The purpose of this study was to detect the relative expression of long non-coding ribonucleic acid (lncRNA) in non-homologous end joining pathway 1 (LINP1) in papillary thyroid cancer (PTC) tissues and cells, and to investigate the molecular mechanisms of abnormal expression and biological function of LINP1. The relative expression of LINP1 in PTC tissues and cells was detected via quantitative Reverse Transcription-Polymerase Chain Reaction (qRT-PCR), and the impact of small interfering (si)-LINP1 on the proliferative capacity of PTC cells was studied using Cell Counting Kit-8 (CCK-8) and colony formation assays. After the expression of LINP1 in PTC cells was interfered, flow cytometry was applied to determine the changes in cell cycle distribution and apoptosis rate. The transcription factors binding to the promoter region of LINP1 were predicted by bioinformatics. Next, qRT-PCR assay was adopted to measure the changes in LINP1 expression after interference in the expression of signal transducer and activator of transcription 1 (STAT1). Finally, the changes in the expressions of molecular markers of the adenosine 5'-monophosphate-activated protein kinase (AMPK) signaling pathway were examined via Western blotting assay after the expressions of STAT1 and LINP1 were interfered. It was shown in qRT-PCR results that LINP1 expression was upregulated in 42 out of 53 cases of PTC tissues and in all PTC cells. After interference in the expression of LINP1 in PTC cells, the results of CCK-8 and colony formation assays indicated that the proliferative capacity of the cells was repressed. According to the results of flow cytometry, the cell cycle was arrested at the G1/G0 phase, and the apoptosis rate was increased. In addition, the bioinformatics predicted that STAT1 could bind to the promoter region of LINP1, and the results of qRT-PCR indicated that the expression of LINP1 declined after STAT1 expression was interfered.
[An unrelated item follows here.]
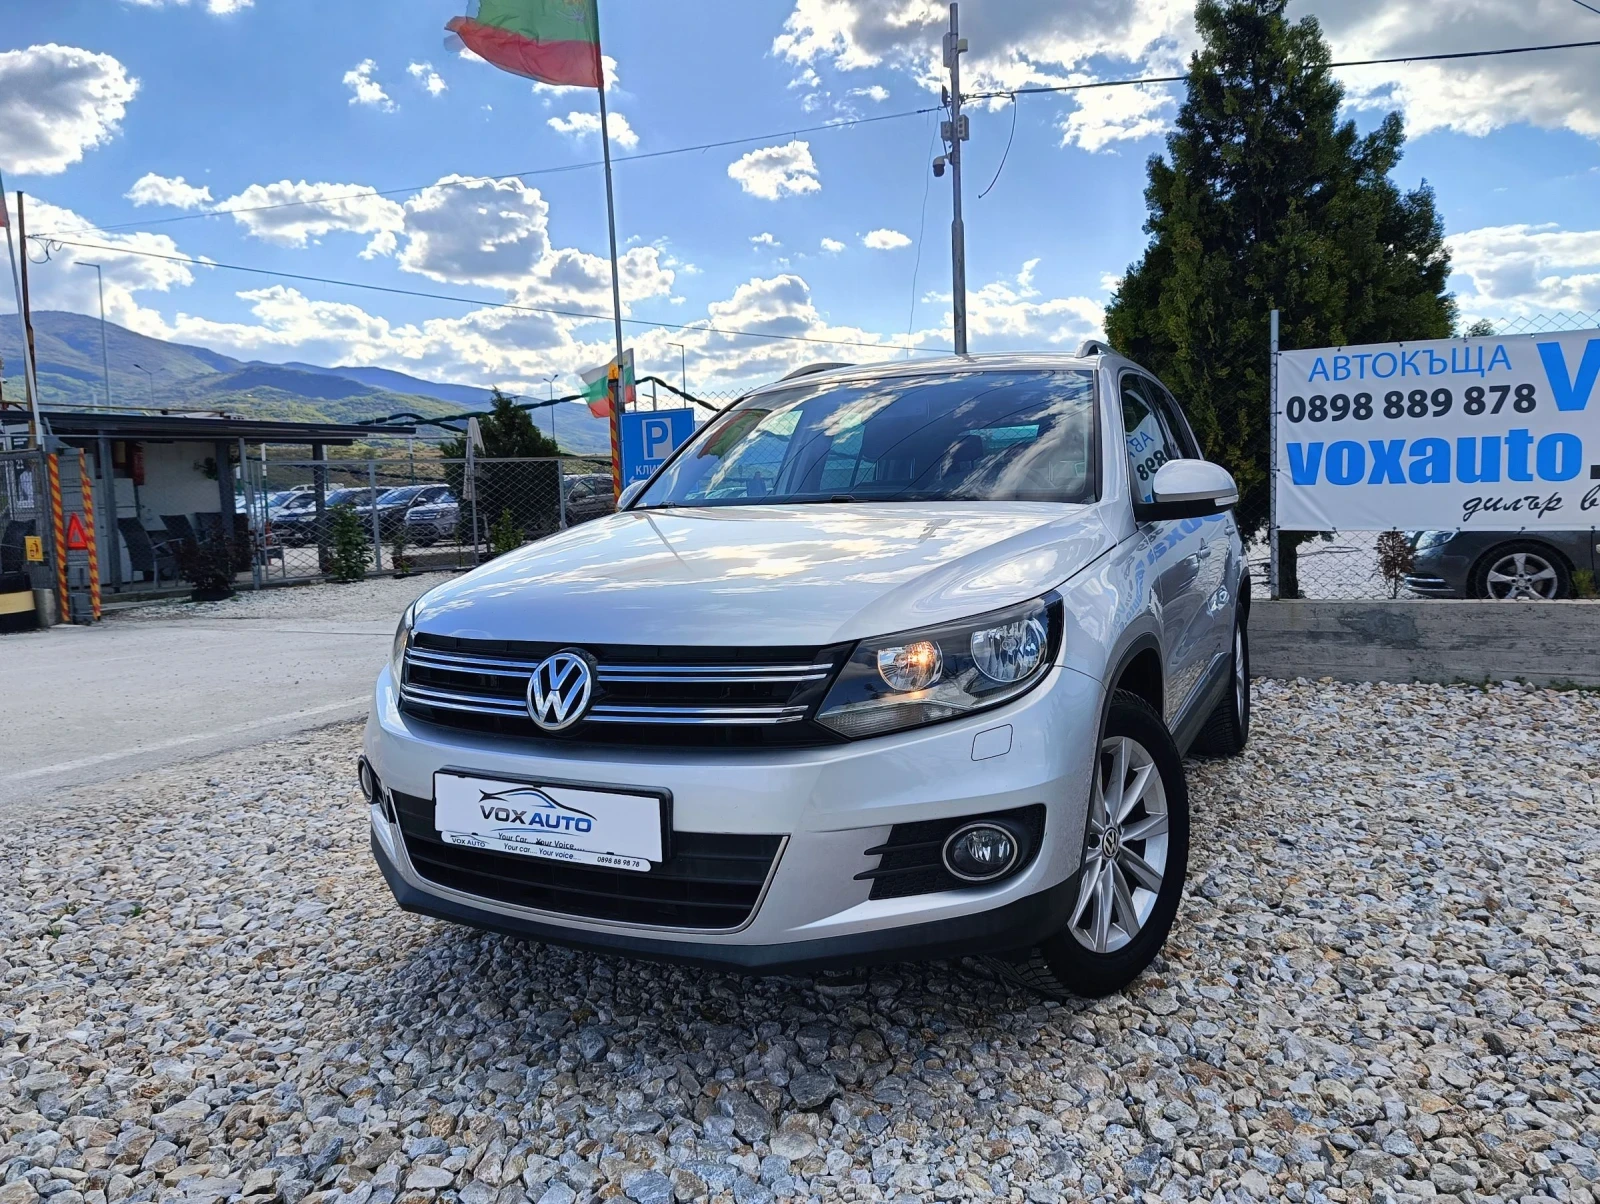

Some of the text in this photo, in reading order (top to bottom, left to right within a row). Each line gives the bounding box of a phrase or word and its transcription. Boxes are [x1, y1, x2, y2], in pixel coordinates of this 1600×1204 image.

Moreover, it was indicated in the Western blotting assay after interference in the expressions of STAT1 and LINP1 that the expression of molecular marker (Phosphorylation AMPK, p-AMPK) of the AMPK signaling pathway was altered but the expression of total AMPK did not change. The transcription factor STAT1 promotes the expression of LINP1 in PTC, and highly expressed LINP1 facilitates the proliferation and inhibits the apoptosis of PTC by suppressing the AMPK signaling pathway.